Is this how the world should work? Obviously not. Is this how it works? Evidently so. And as – operating as “a one-woman Congress” – Nancy Pelosi, with Chuck Schumer at her side, ushers to passage one after another disastrous “relief” bills – bills that neglect, as Dayen wrote on Wednesday, “payroll support, vote by mail guarantees, postal service funding, expanded health insurance, workplace standards, rent relief, state and local government money, you name it” – we witness ourselves dug ever deeper into a hole it may prove impossible to climb our way out of in the coming decade.
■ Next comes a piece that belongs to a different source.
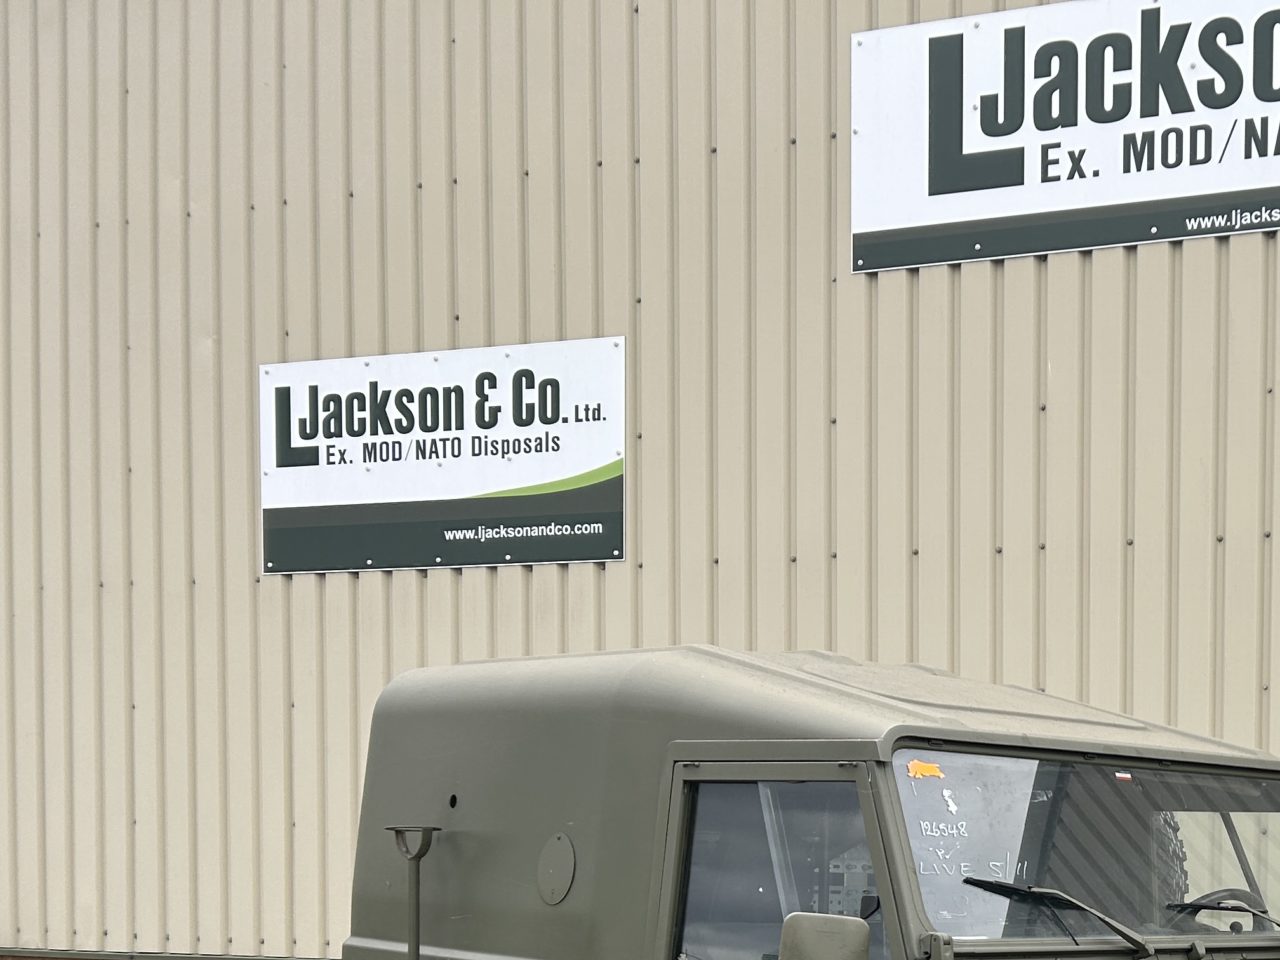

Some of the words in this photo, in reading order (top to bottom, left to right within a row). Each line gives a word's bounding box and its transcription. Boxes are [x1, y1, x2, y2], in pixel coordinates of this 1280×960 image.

Yesterday, I continued my critique of our shockingly unreliable COVID-19 data in this city, state, and country, while last week, I pointed out how blatantly uncritical (at least some of) the scientific press had been in reporting on early signs of the “effectiveness” of Gilead’s experimental COVID-19 treatment, remdesivir. Now, the same website reports, “New data on Gilead’s remdesivir, released by accident, show no benefit for coronavirus patients. Company still sees reason for hope”; thank goodness Gilead hasn’t given up “hope” on making all the money their investment bankers want them to…
It’s Saturday, though, and the sun is shining, so let’s end with some hopeful numbers for a change. Doug Henwood has a short post up on prospects for the 2020 general election encouragingly titled: “Biden by 20,” in which he relies on a simple model with a good track record to predict a landslide for our doddering Quixote of a candidate. A few caveats in Henwood’s words:
I should attach some consumer warnings here. The model predicts the popular vote, so it called Gore the winner in 2000 and Clinton in 2016 (which, if we had a sane electoral system, they would have been). And 2020 is a completely wacko political year, featuring a lifeless challenger to a mad incumbent in the midst of a pandemic-induced economic crisis. But the conclusion here is that no matter how things look now, if we have an election, it’s Biden’s to lose, a formulation that admittedly may inspire more doubt than confidence in the prediction.
Here’s to Biden pulling through in November. The world needs it. If he hadn’t already committed to choosing a female running mate (and let’s hope she’s as progressive, visionary, forceful, and principled as he is none of the above), I’d suggest he choose this verbal cannonball of a man instead. I don’t know if this is performance art, agit prop, or just the caged anger it seems to be of a decent, salt-of-the-asphalt New Yorker, but, whatever it is, you won’t want to miss it. As our man puts it: “We need a real fuckin’ plan.”